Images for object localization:
+ + + + + + +

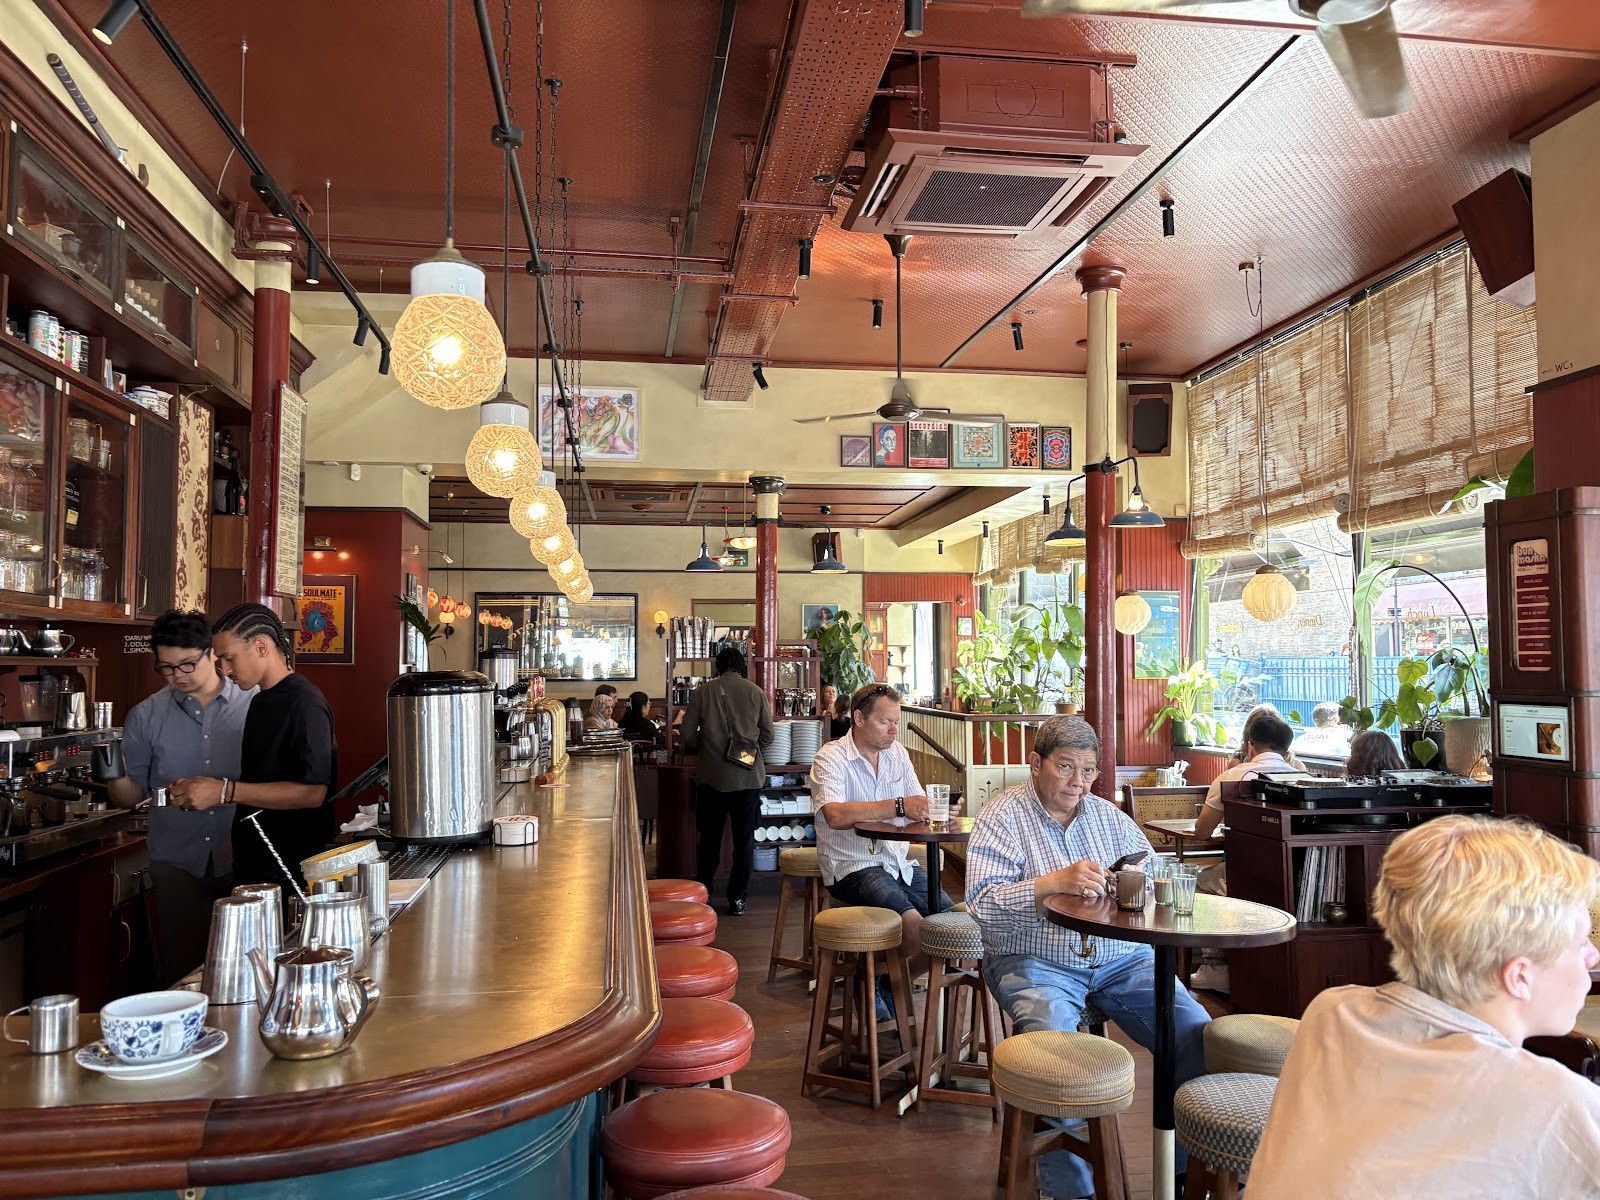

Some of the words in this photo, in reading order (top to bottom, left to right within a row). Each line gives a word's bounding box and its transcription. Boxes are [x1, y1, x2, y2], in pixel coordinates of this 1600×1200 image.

[1554, 360, 1574, 372] WCs
[910, 422, 947, 430] accordion
[1517, 546, 1534, 556] bun
[303, 589, 337, 598] SOULMATE
[1264, 783, 1282, 792] Pioneer
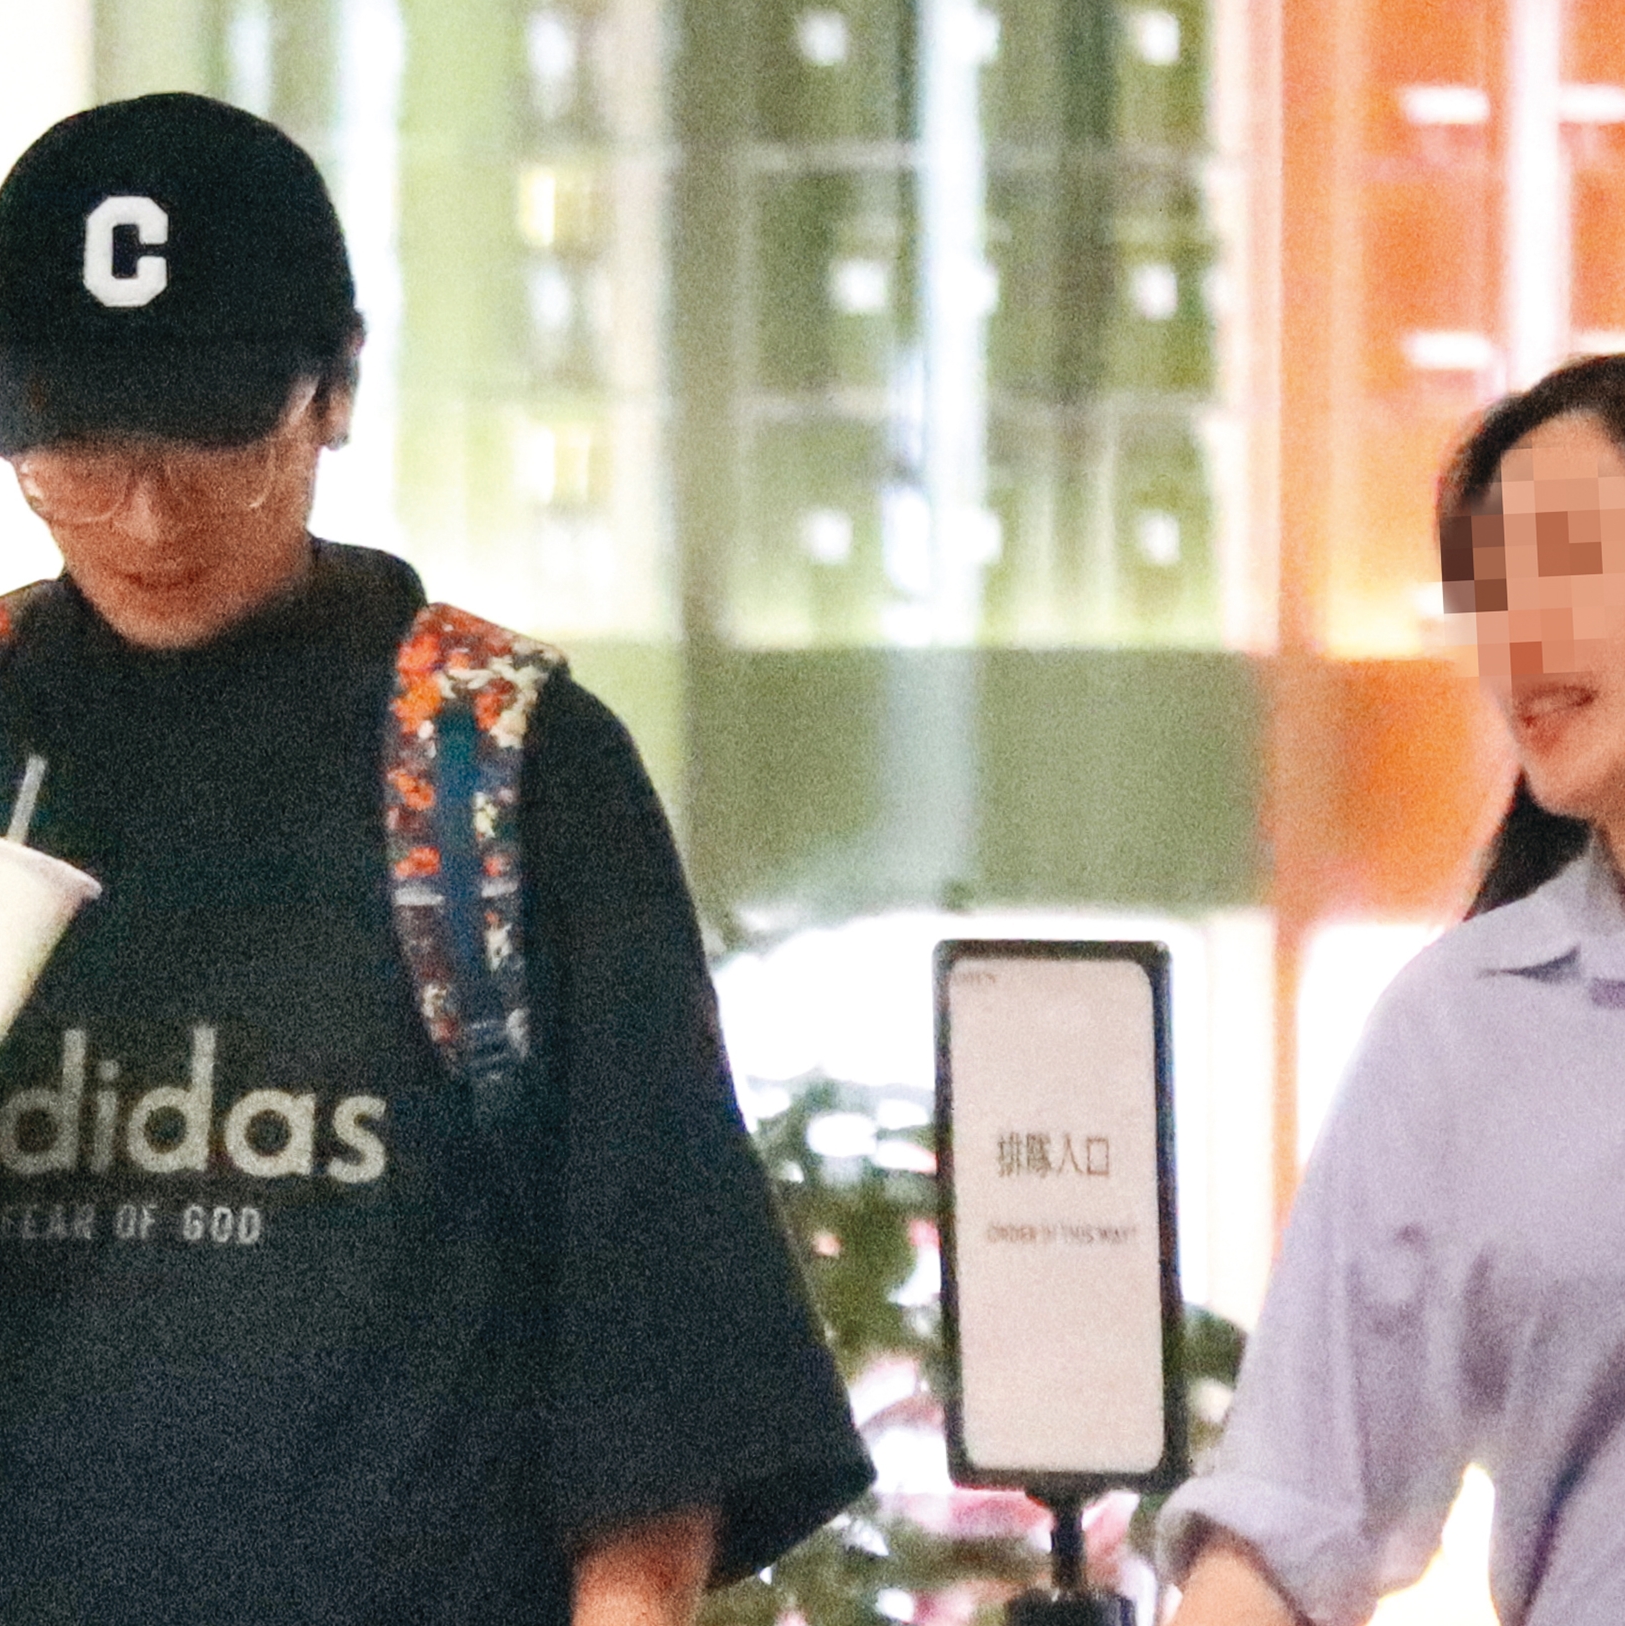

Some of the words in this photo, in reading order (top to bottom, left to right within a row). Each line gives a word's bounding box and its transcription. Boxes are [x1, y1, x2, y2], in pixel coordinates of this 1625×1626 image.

+ + + + + + +

# Task item
Repeat the records in full, exactly as they appear, without the pictures.

# The answer
Some of the words in this photo, in reading order (top to bottom, left to right within a row). Each line gives a word's bounding box and its transcription. Boxes are [x1, y1, x2, y2], in pixel coordinates of this 1600×1200 image.

[1554, 360, 1574, 372] WCs
[910, 422, 947, 430] accordion
[1517, 546, 1534, 556] bun
[303, 589, 337, 598] SOULMATE
[1264, 783, 1282, 792] Pioneer

Some of the words in this photo, in reading order (top to bottom, left to right within a row). Each line gives a word's bounding box and its transcription. Boxes are [x1, y1, x2, y2], in pixel coordinates of this 1625×1626 image.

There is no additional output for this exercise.